**Records shown**.
::::
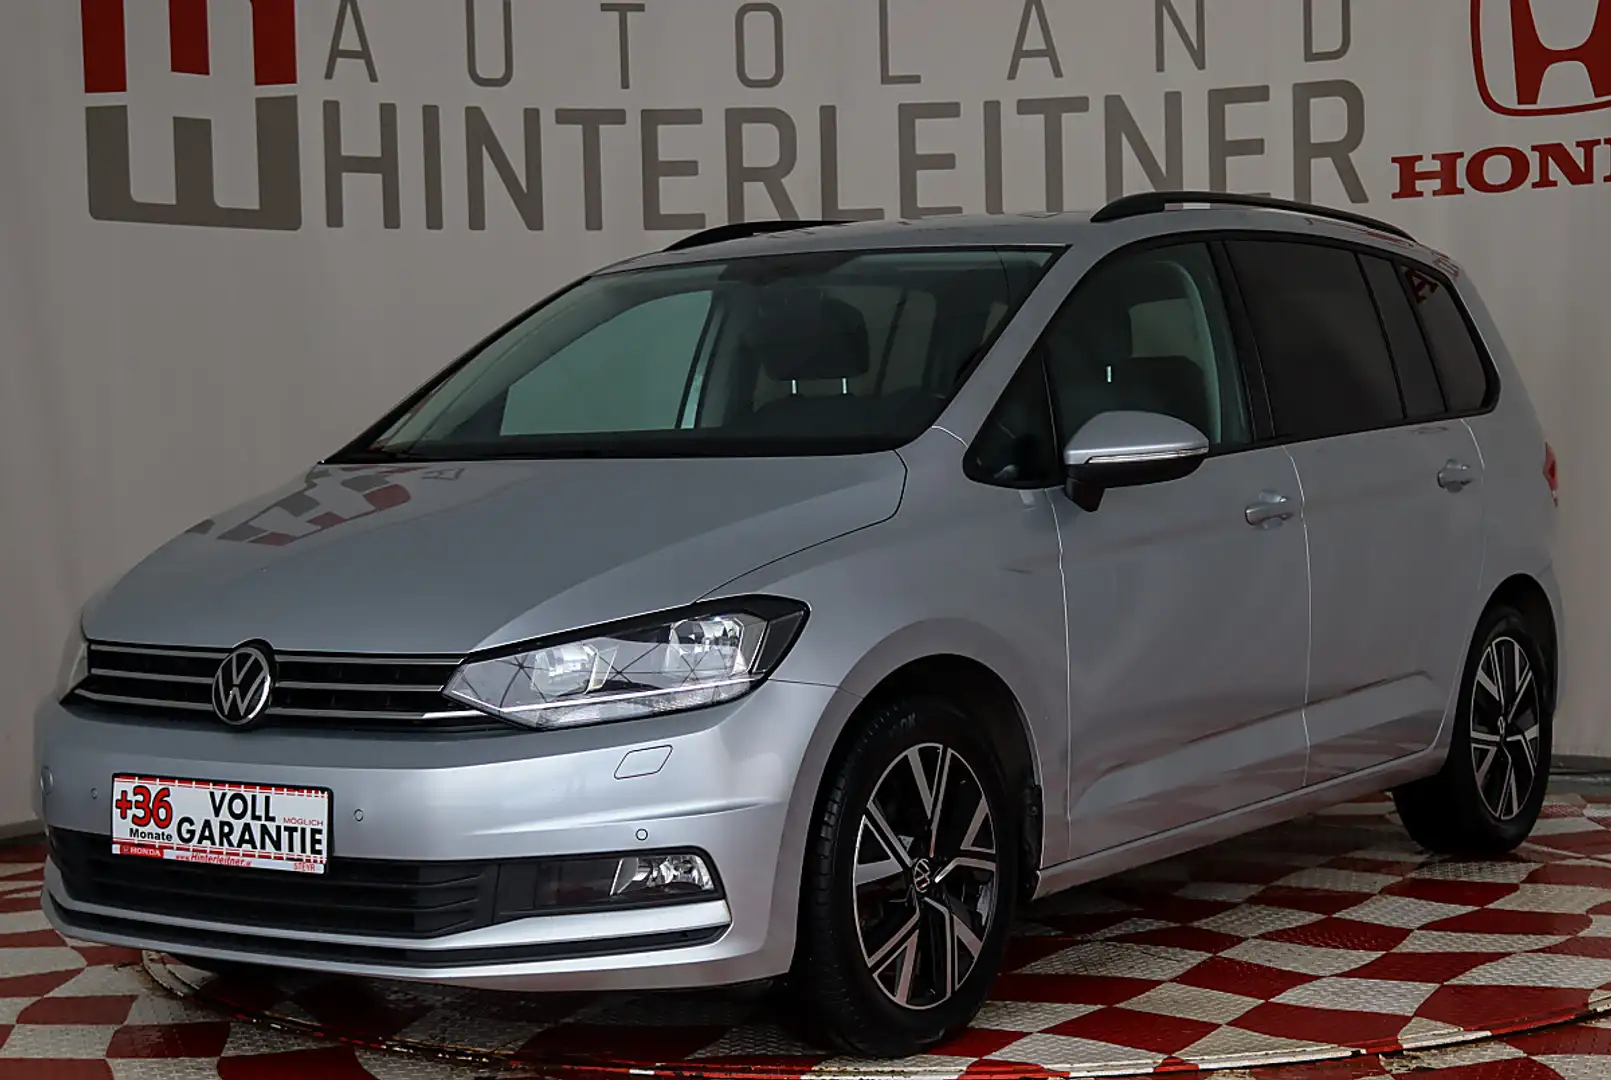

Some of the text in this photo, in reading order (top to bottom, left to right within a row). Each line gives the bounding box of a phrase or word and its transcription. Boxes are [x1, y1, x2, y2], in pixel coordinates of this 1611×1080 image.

[323, 79, 1370, 231] HINTERLEITNER
[115, 785, 173, 829] +36
[209, 791, 276, 822] VOLL
[129, 828, 173, 842] Monate
[130, 847, 161, 857] HONDA
[176, 816, 323, 855] GARANTIE
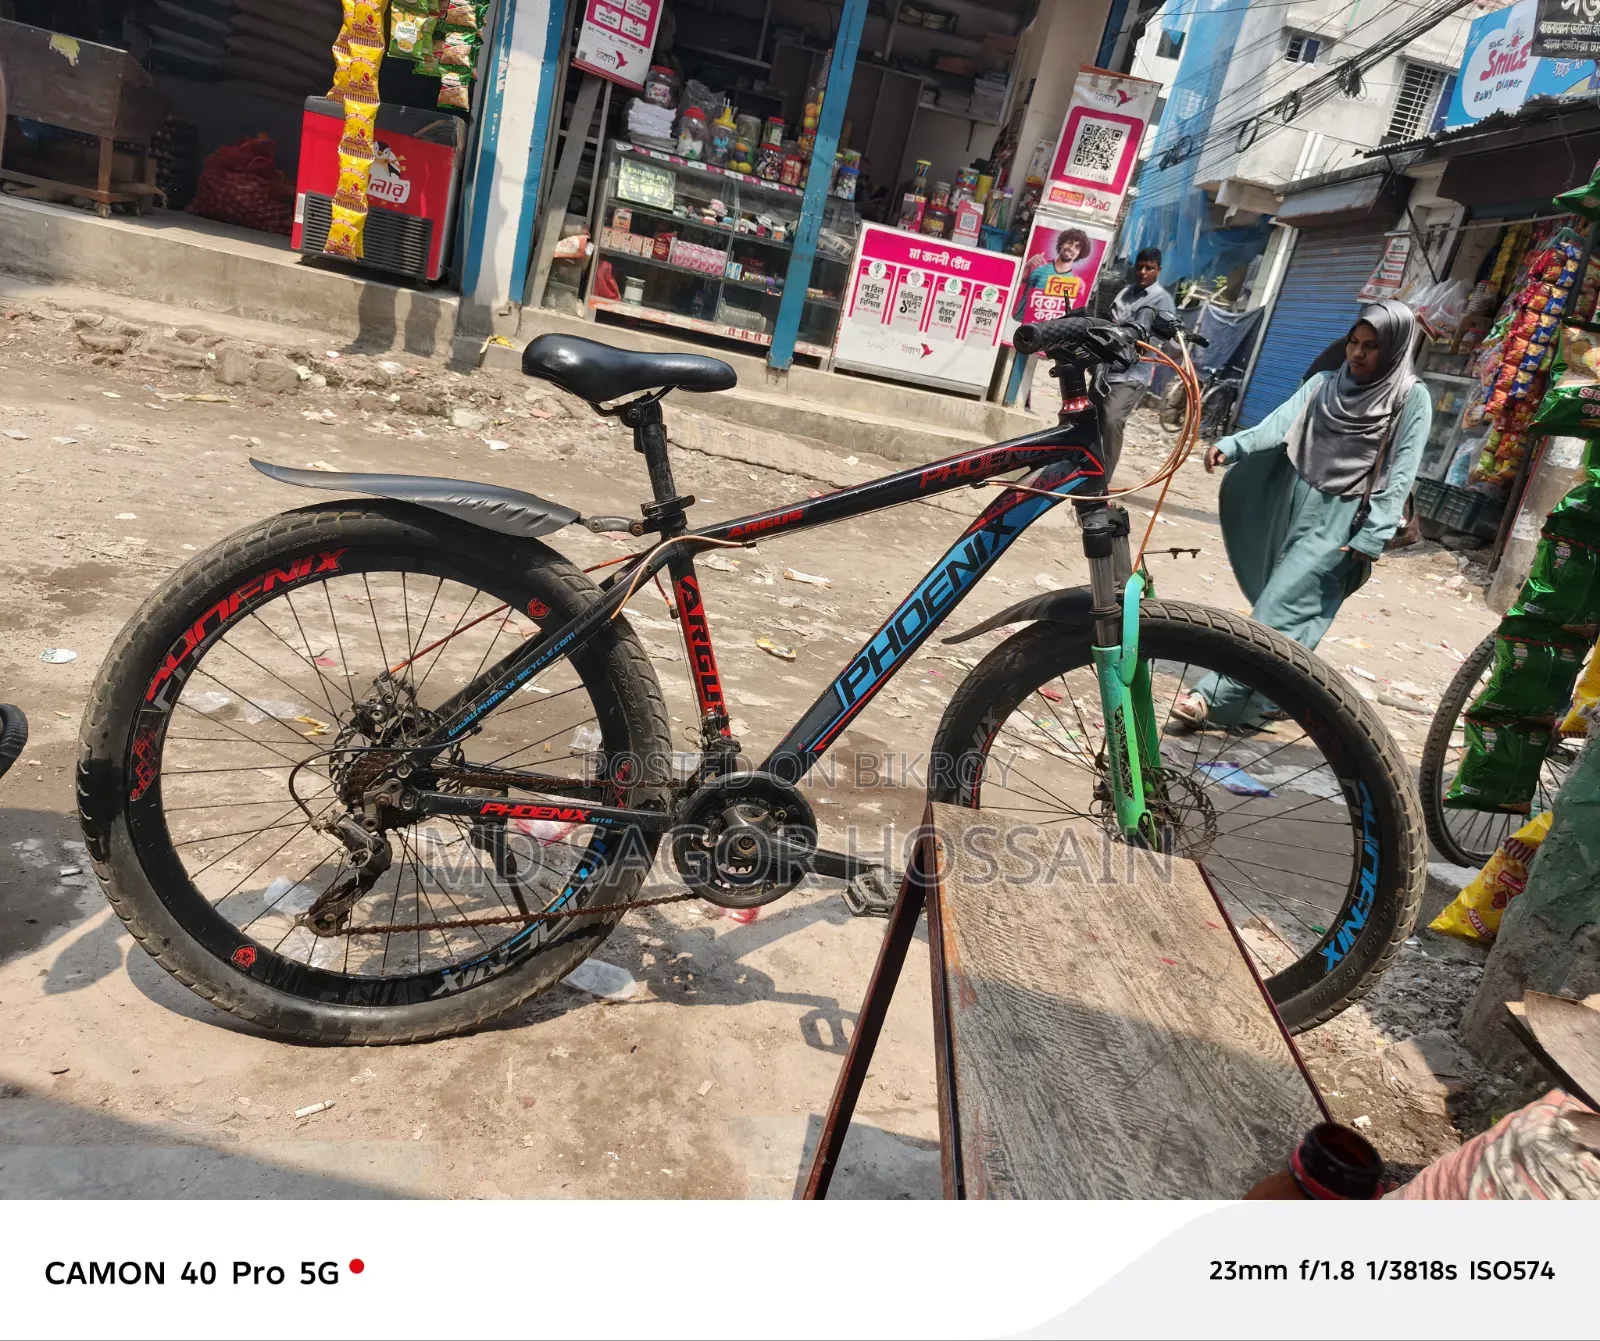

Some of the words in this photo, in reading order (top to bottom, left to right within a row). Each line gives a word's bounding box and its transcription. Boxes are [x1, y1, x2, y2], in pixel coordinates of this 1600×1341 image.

[1488, 38, 1505, 50] SMC
[1480, 40, 1534, 81] SMILE
[1474, 88, 1494, 102] Baby
[1496, 79, 1522, 92] Diaper
[909, 248, 921, 260] মা
[922, 249, 950, 267] জননী
[1049, 277, 1078, 294] বিল
[727, 509, 804, 538] ARGUS
[843, 510, 1016, 702] PHOENIX
[480, 803, 592, 821] PHOENIX
[590, 817, 613, 825] MTB
::::
**Work order**.
Would you output the data above exactly as written, but with no images?

**Completed task**.
Some of the text in this photo, in reading order (top to bottom, left to right within a row). Each line gives the bounding box of a phrase or word and its transcription. Boxes are [x1, y1, x2, y2], in pixel coordinates of this 1611×1080 image.

[323, 79, 1370, 231] HINTERLEITNER
[115, 785, 173, 829] +36
[209, 791, 276, 822] VOLL
[129, 828, 173, 842] Monate
[130, 847, 161, 857] HONDA
[176, 816, 323, 855] GARANTIE

Some of the words in this photo, in reading order (top to bottom, left to right within a row). Each line gives a word's bounding box and its transcription. Boxes are [x1, y1, x2, y2], in pixel coordinates of this 1600×1341 image.

[1488, 38, 1505, 50] SMC
[1480, 40, 1534, 81] SMILE
[1474, 88, 1494, 102] Baby
[1496, 79, 1522, 92] Diaper
[909, 248, 921, 260] মা
[922, 249, 950, 267] জননী
[1049, 277, 1078, 294] বিল
[727, 509, 804, 538] ARGUS
[843, 510, 1016, 702] PHOENIX
[480, 803, 592, 821] PHOENIX
[590, 817, 613, 825] MTB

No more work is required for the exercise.